But admittedly it's pretty clunky and I'd have to revist it at some point.
 

Vraal

you can scroll on down, the abyss is massive
I really like how silver works in Spire: The City Must Fall, treating it sort of as a stat that can be rolled against. It removes the number tracking of precisely how many coins you have and instead just assumes you can make regular small purchases, and then larger purchases have an element of chance to them that might decrease your silver stat. I know I'm not using the words the game itself uses to describe this, hopefully someone can correct me if I'm explaining it the wrong way.

I'm also a big fan of advantage/disadvantage from a game you've probably heard of, it's a really effective way of changing the odds on the fly to convey favourable or unfavourable circumstances.

Also gotta mention "connection" from .dungeon, a game set in an MMO. You have health, though it's sort of superfluous as you can just respawn; connection is what actually matters, a group resource that slowly dwindles, representing the forces of the exterior world trying to draw you away from the game and your friends and back to dull reality. Really gives the game a sense of "we're acting like this summer is going to last forever but deep down we're all desperately afraid that it won't"
 

Reynard

Legend
Supporter
I really like how silver works in Spire: The City Must Fall, treating it sort of as a stat that can be rolled against. It removes the number tracking of precisely how many coins you have and instead just assumes you can make regular small purchases, and then larger purchases have an element of chance to them that might decrease your silver stat. I know I'm not using the words the game itself uses to describe this, hopefully someone can correct me if I'm explaining it the wrong way.
Wealth checks have been around since at least d20 Modern. Does Spire do something different?
 

Tonguez

A suffusion of yellow
I really like Aspects (character, scene and setting) as used in FATE and the invoke mechanics.
Also I like FATE Accelerated use of Approaches instead of Skills, Approaches lean into How a character does things within a given setting (according to relevant aspects) rather than limiting What they can try to do

I also like Advantage/Disadvantage mechanic
and the simplicty of D20+bonus > DC

How Ironsworn handles Assets is also pretty cool
 

Bill Zebub

“It’s probably Matt Mercer’s fault.”
Dice mechanic from The One Ring. Also flat power curve while leveling. (Not a fan of zero-to-hero.)

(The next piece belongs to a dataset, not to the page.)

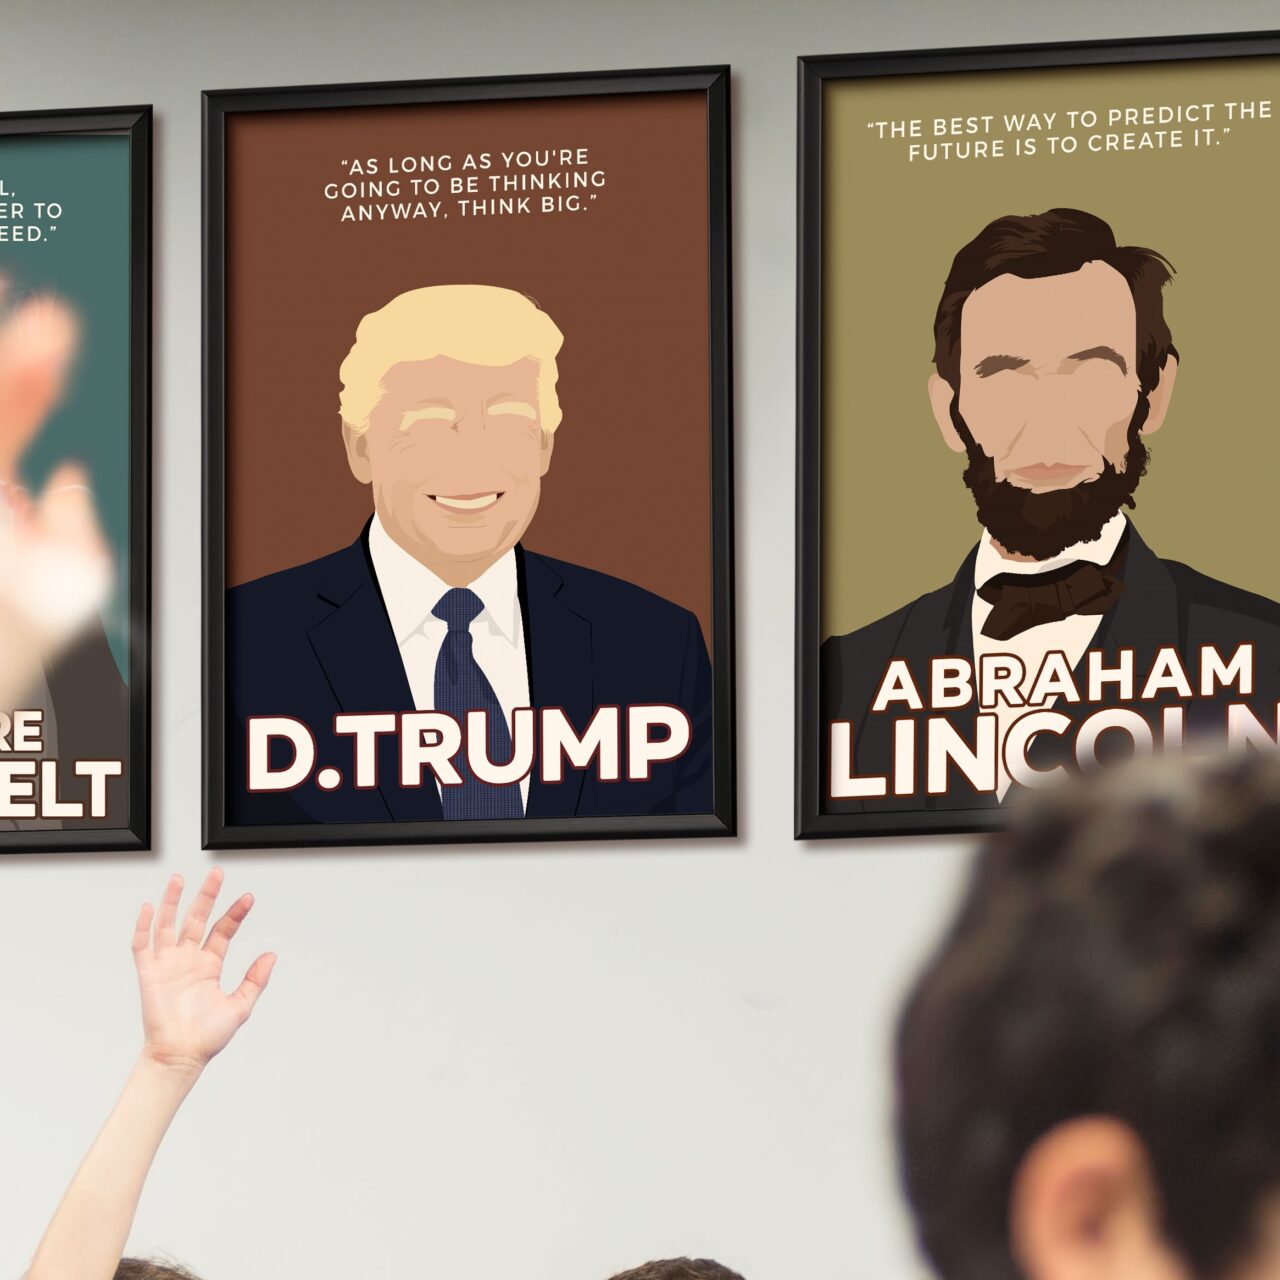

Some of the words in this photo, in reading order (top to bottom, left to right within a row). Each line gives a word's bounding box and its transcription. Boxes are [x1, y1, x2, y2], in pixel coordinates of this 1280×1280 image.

Special ability choices in Dungeon World. Also damage by class. And the core dice mechanic/philosophy.

Spellcasting in Five Torches Deep. And Supplies.

“Nature” in Mouseguard/Torchbearer
 

Lilcamper

Explorer
There are some rules that, while not that revolutionary, do put a smile on me:

1 - In Conan 2d20, how you can sacrifice a piece of your armor to ignore one wound. Very thematic.
2 - How complications work in Mutants and Masterminds. They are disadvantageous characteristics of your character, but, instead of giving you "build points", whenever they happen to complicate the life of your character, you get a Hero Point (the game metacurrency) back, this make the players actually selecting complications which they would like to see in play.
 

Atomoctba

Adventurer
While I dislike 7th Sea 2E mechanics, I love how Hero Dice work in 1E. Very flavorful and giving a swashbuckling feeling to a swashbuckler game.

Also, as many already commented, advantage/disadvantage was one of the truly genial idea of D&D 5e.
 

Parmandur

Book-Friend
You know what, I've only had to use it for like 5 sessions in my 20's, but I really appreciated the mathematical elegance of the THAC0 system, and how 5E brought back the same curve and made it a universal mechanic for everything, but just changing to 1-30 and removing the unintuitive aspects of -10 to 20.

The XP system od DCC is brilliant, and I've been tempted to just take ot for other games. Encourages roleplaying instead of specific behavior (murder or acquisition).